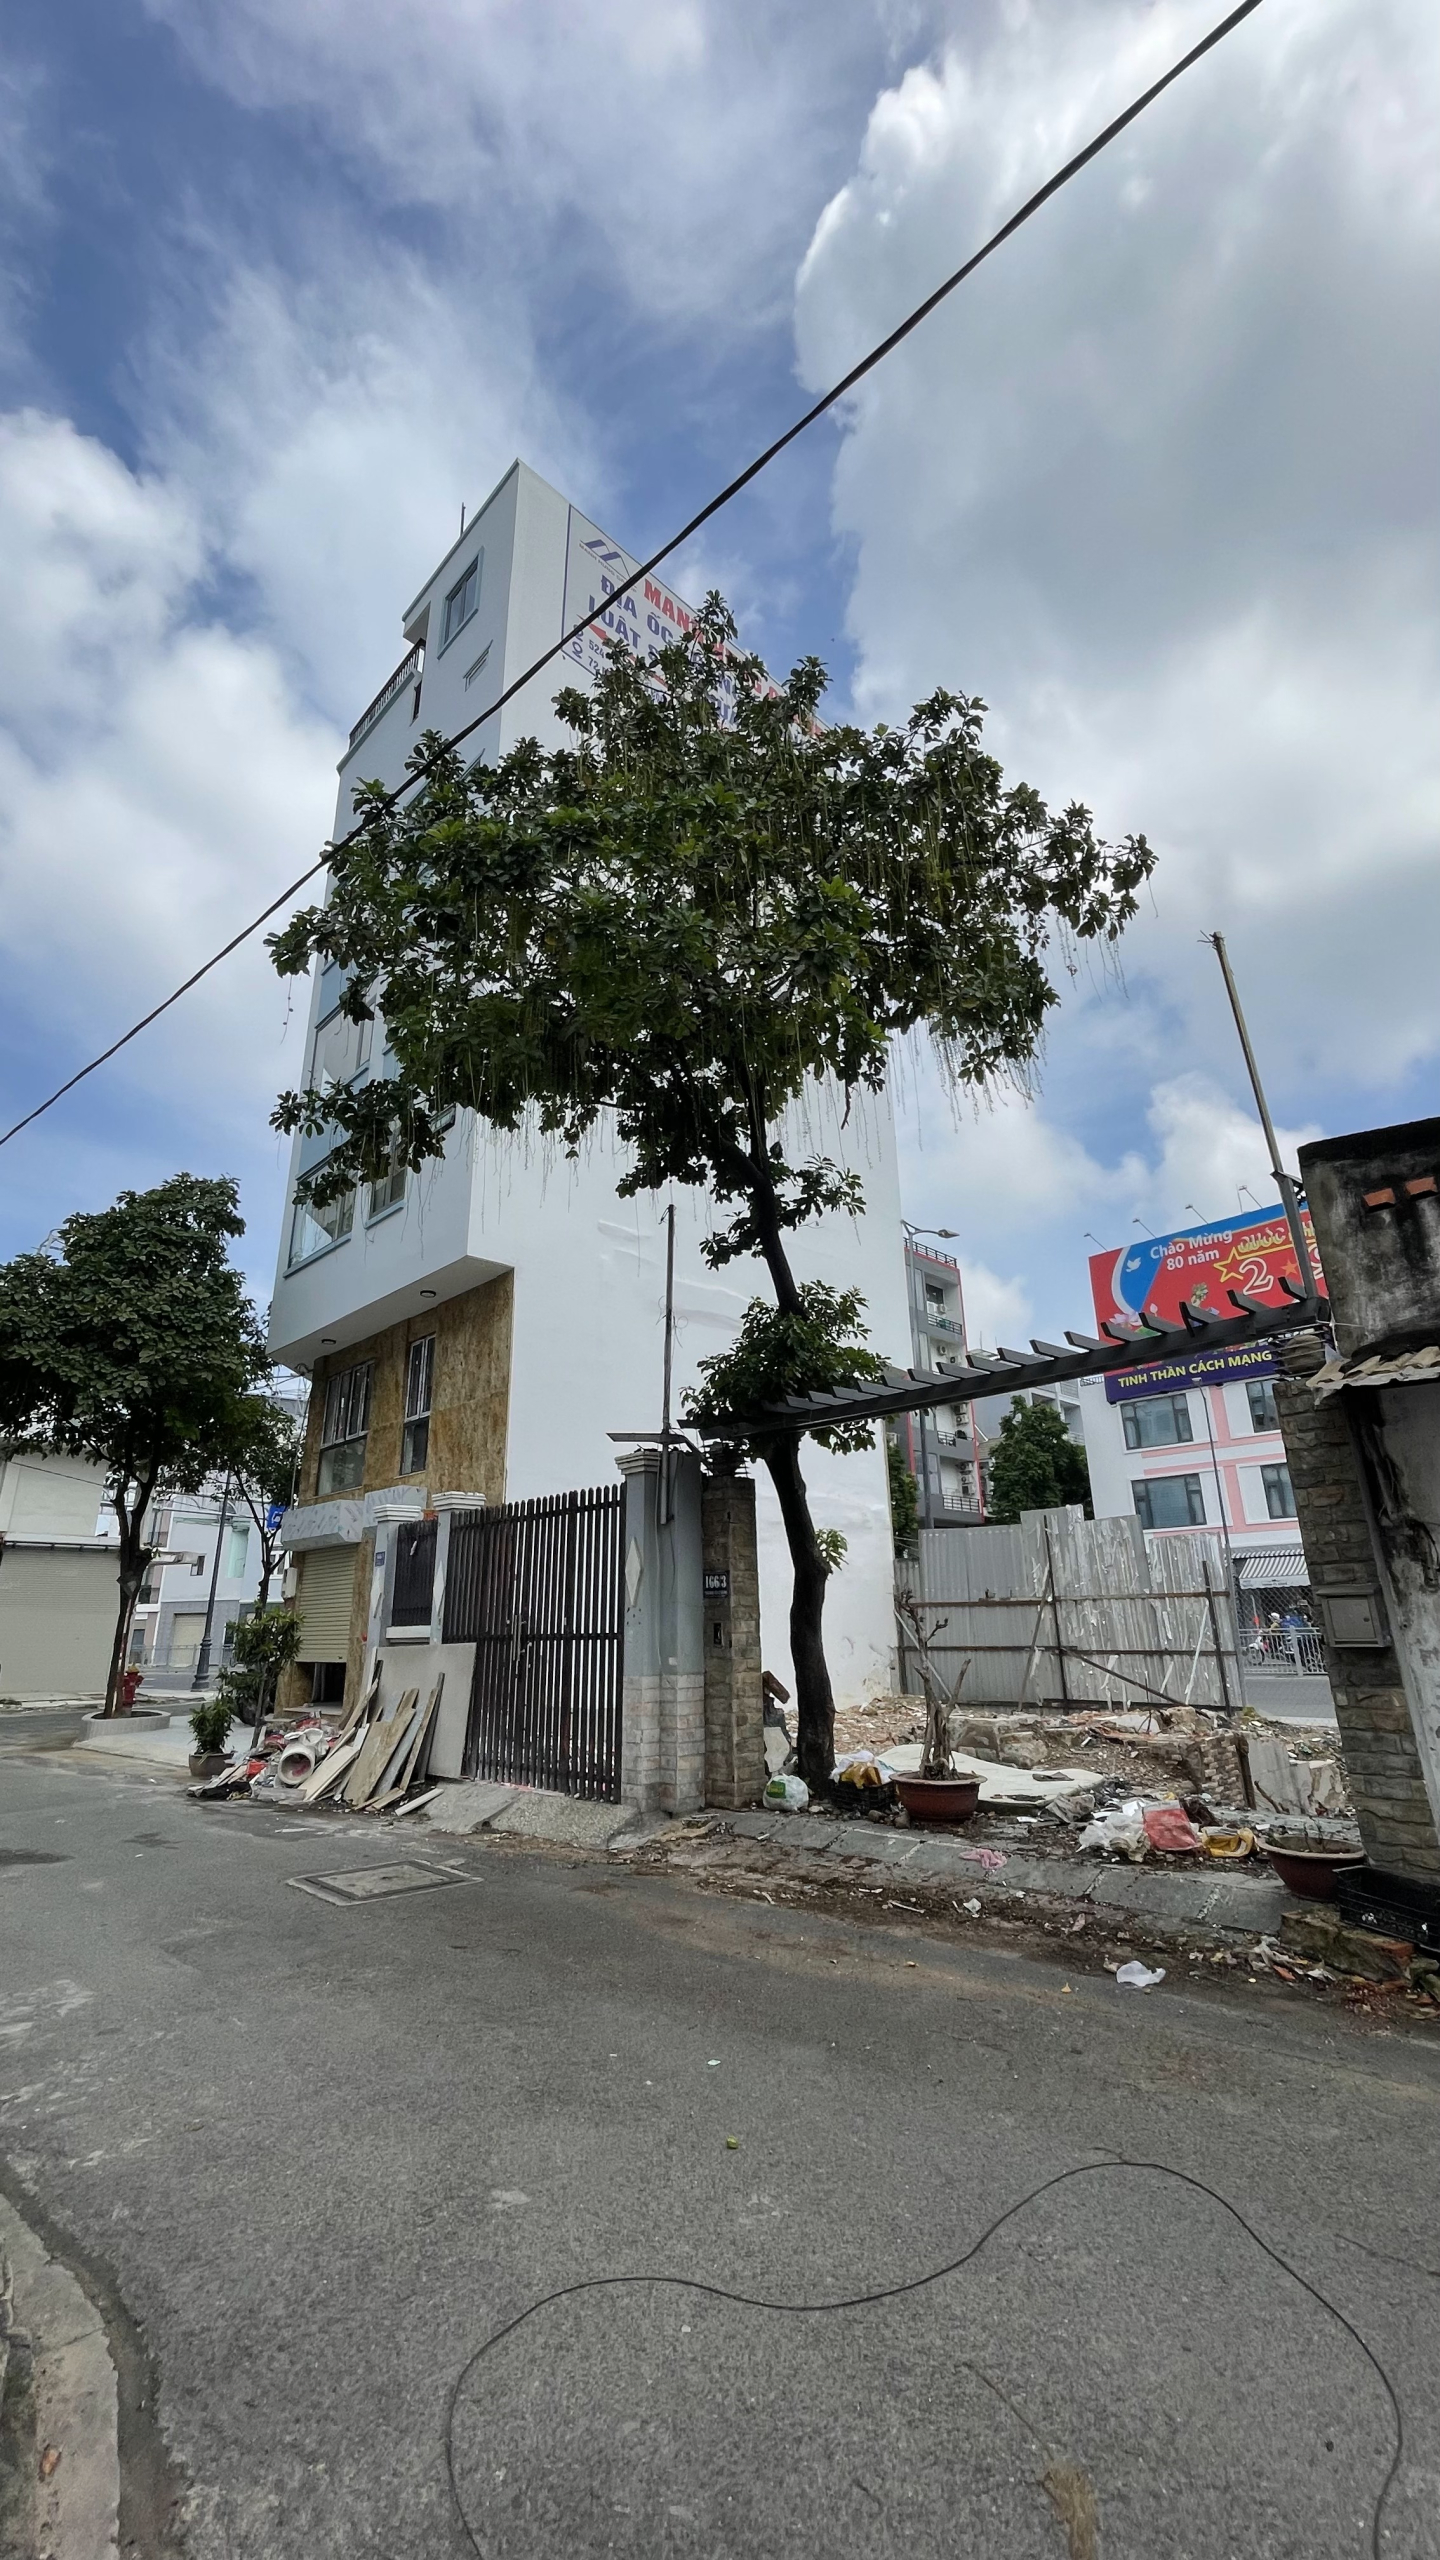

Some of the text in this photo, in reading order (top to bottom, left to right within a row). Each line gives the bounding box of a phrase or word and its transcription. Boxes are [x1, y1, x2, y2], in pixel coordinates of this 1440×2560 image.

[1150, 1229, 1233, 1260] Chào Mừng
[1166, 1249, 1220, 1271] 80 năm
[1238, 1256, 1275, 1296] 2
[1117, 1350, 1273, 1388] TINH THẦN CÁCH MẠNG
______________________________
### What to work on
In full and without changes, repeat the listing above, but not its pictures.

### Output
Some of the text in this photo, in reading order (top to bottom, left to right within a row). Each line gives the bounding box of a phrase or word and its transcription. Boxes are [x1, y1, x2, y2], in pixel coordinates of this 1440×2560 image.

[1150, 1229, 1233, 1260] Chào Mừng
[1166, 1249, 1220, 1271] 80 năm
[1238, 1256, 1275, 1296] 2
[1117, 1350, 1273, 1388] TINH THẦN CÁCH MẠNG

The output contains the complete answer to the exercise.